The translator is not designed to accommodate self-modifying code directly. An approach is possible to model its effects, where the modifications are described in a native control flow graph as branches to a new basic block, however this could be difficult to construct.
We do not support raw binary blobs (e.g. firmware). Operating on blobs should be possible via a custom control flow recovery solution, but our default scripts only work on PEs and ELFs.
While the vast majority of integer operations and many floating point operations are supported, there are many x86 instructions left. The following broad categories of instructions have support in internal register context structures, but the translations are incomplete:
- Floating Point support is incomplete, but handles a lot of regular use-cases.
- SSE 1/2/3/4 is incomplete, but handles a lot of regular use-cases.
- AVX is not supported
- AESNI, SHA, RDRAND, MPX, SGX instruction sets are not supported
The following categories of instructions do not have internal register context support:
- Debug Register Modification
- Privileged Instructions
- AVX
Our support for CPU self-identification is very limited. Support only extends to ensure applications that rely on CPUID
to select a fast code path still run.
Mcsema currently pretends that exceptions do not exist; if they do, it assumes something else will handle them correctly.
The translation problem of exception handling is difficult, with different approaches having tradeoffs between accuracy and speed. The most conservative approach is to do explicit exception checks for every possible exception an instruction can generate. The least conservative approach is to ignore exceptions and hope they are generated in the translated code.
The most conservative approach will greatly increase code size and reduce speed. The checks for exceptional conditions cannot be optimized out, as the values of instruction operands are not known a-priori. The least conservative approach could miss exception, and presents a context problem when exceptions happen. The exception will occur in native code, and the native exception handler must translate this to a register context and call the original exception handler. This is more difficult than a simple store/spill, since default except handlers perform stack unwinding to determine where to transfer control flow. One would need to ensure the unwinding code worked on the context that was given to the original exception handler.
We assume that external function ABIs are the default for the platform and processor combination of the target. While the ABI of internal functions inside a program does not matter, the ABI of external functions has to conform to the specification for the target platform.
External functions that return floating point values are not yet supported, but there is no technical limitation preventing it; the glue code enabling this has just not been written. Pull requests are welcome.
Applications that use the x87 FPU should run and report similar results. They are not currently guaranteed to report identical results. Better FPU support is a long term ongoing process.

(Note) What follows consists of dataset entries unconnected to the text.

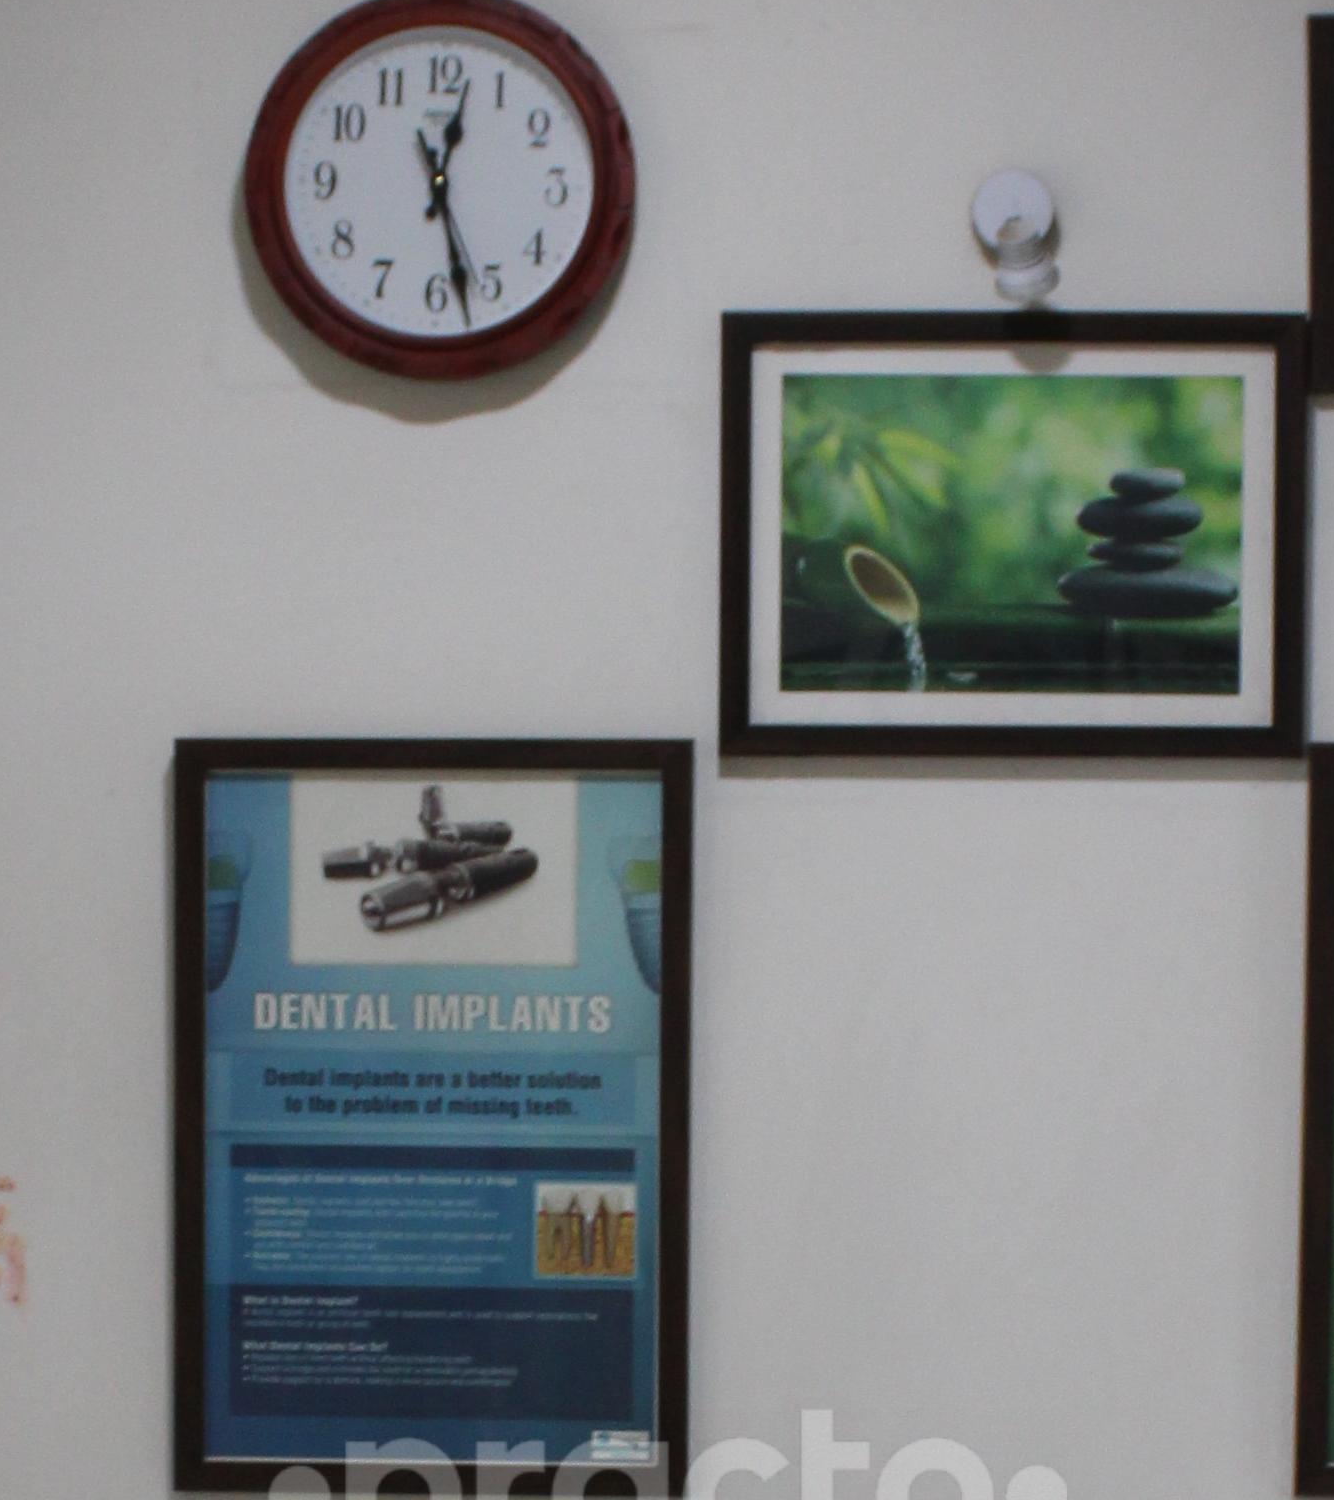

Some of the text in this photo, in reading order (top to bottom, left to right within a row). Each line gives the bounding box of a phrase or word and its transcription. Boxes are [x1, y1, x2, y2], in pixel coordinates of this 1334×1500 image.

[378, 67, 405, 107] 11
[427, 54, 463, 95] 12
[494, 71, 506, 109] 1
[332, 103, 367, 143] 10
[528, 108, 551, 148] 2
[313, 161, 337, 200] 9
[545, 167, 568, 206] 3
[331, 219, 354, 260] 8
[522, 228, 545, 266] 4
[371, 258, 395, 299] 7
[425, 273, 448, 313] 6
[479, 263, 502, 301] 5
[253, 991, 612, 1034] DENTAL IMPLANTS
[264, 1067, 324, 1087] Dental
[415, 1073, 446, 1088] are
[451, 1073, 462, 1089] a
[467, 1070, 522, 1089] better
[284, 1094, 303, 1113] to
[308, 1094, 337, 1113] the
[425, 1095, 443, 1114] of
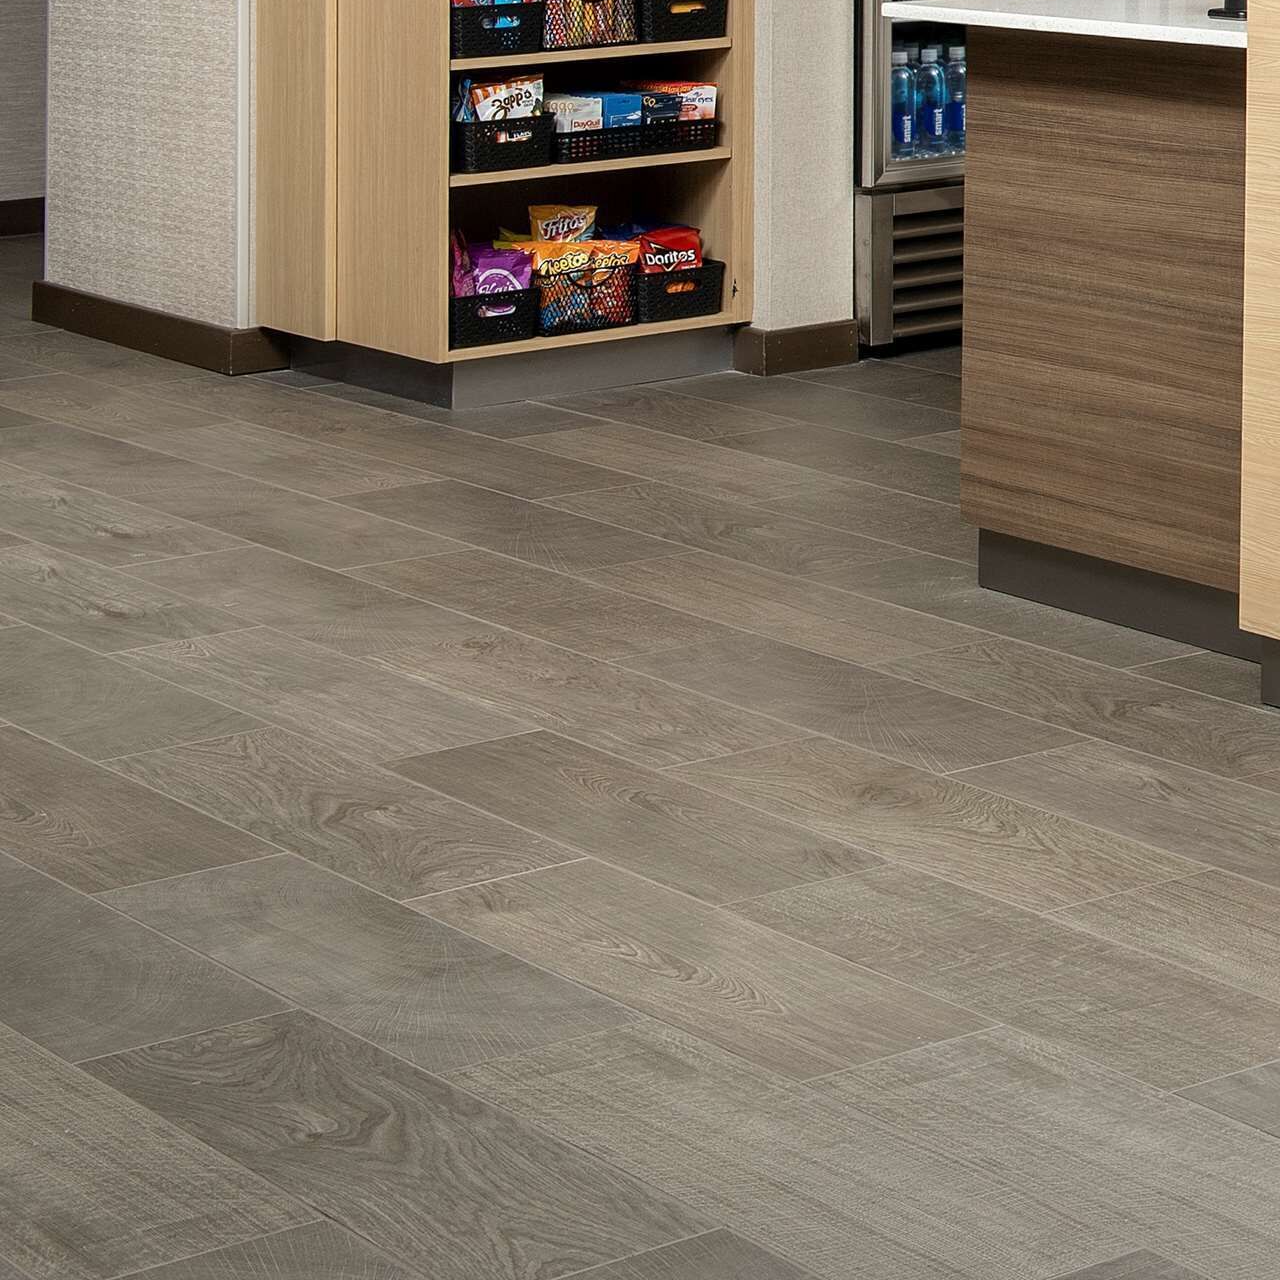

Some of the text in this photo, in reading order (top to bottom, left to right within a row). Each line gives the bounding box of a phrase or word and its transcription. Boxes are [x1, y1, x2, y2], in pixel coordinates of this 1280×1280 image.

[902, 114, 912, 143] smart
[933, 108, 943, 136] smart
[645, 249, 696, 265] Doritos

Precision control needs much more testing to verify it works. Some instructions may also need to ignore precision control and always operate on double extended precision.
We can only provide a pointer to the block that we represent a floating point instruction with, not the actual FPU instruction that LLVM emits. Anything that reads this field and performs logic on it is self-referential code that we currently do not support.
Mcsema supports common segment prefixes that are used with TLS code, such as fs
and gs
. Setting the value of a segment register is not a supported operation.
Rounding control and other FPU settings are not well supported.